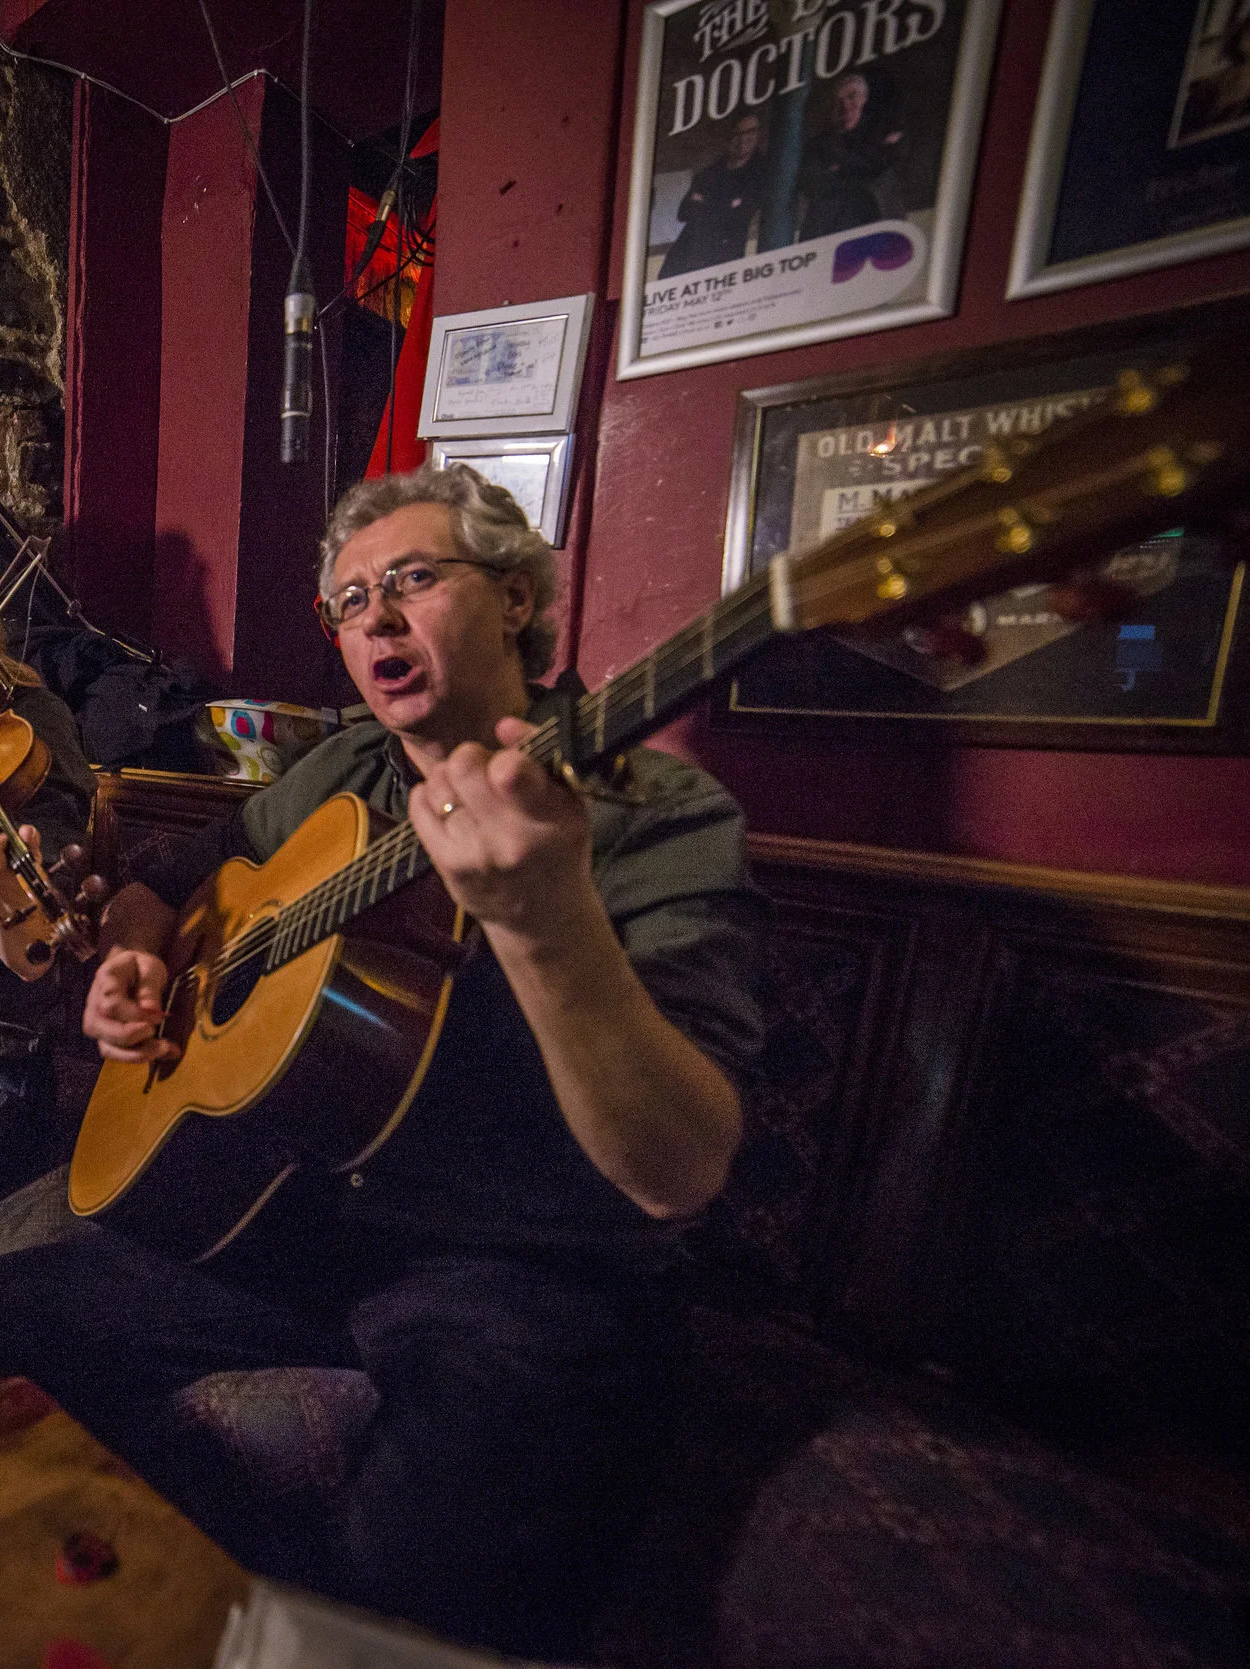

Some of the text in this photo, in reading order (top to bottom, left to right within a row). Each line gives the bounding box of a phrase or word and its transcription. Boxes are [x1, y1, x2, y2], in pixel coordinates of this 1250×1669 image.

[668, 0, 948, 137] DOCTORS
[681, 281, 702, 299] AT
[704, 271, 739, 293] THE
[742, 262, 774, 284] BIG
[779, 251, 818, 274] TOP
[817, 428, 877, 458] OLD
[895, 414, 975, 453] MALT

_What the exercise asks_: Exactly as they appear above, print all the lines, but not the pictures.

_Your solution_:
Some of the text in this photo, in reading order (top to bottom, left to right within a row). Each line gives the bounding box of a phrase or word and its transcription. Boxes are [x1, y1, x2, y2], in pixel coordinates of this 1250×1669 image.

[668, 0, 948, 137] DOCTORS
[681, 281, 702, 299] AT
[704, 271, 739, 293] THE
[742, 262, 774, 284] BIG
[779, 251, 818, 274] TOP
[817, 428, 877, 458] OLD
[895, 414, 975, 453] MALT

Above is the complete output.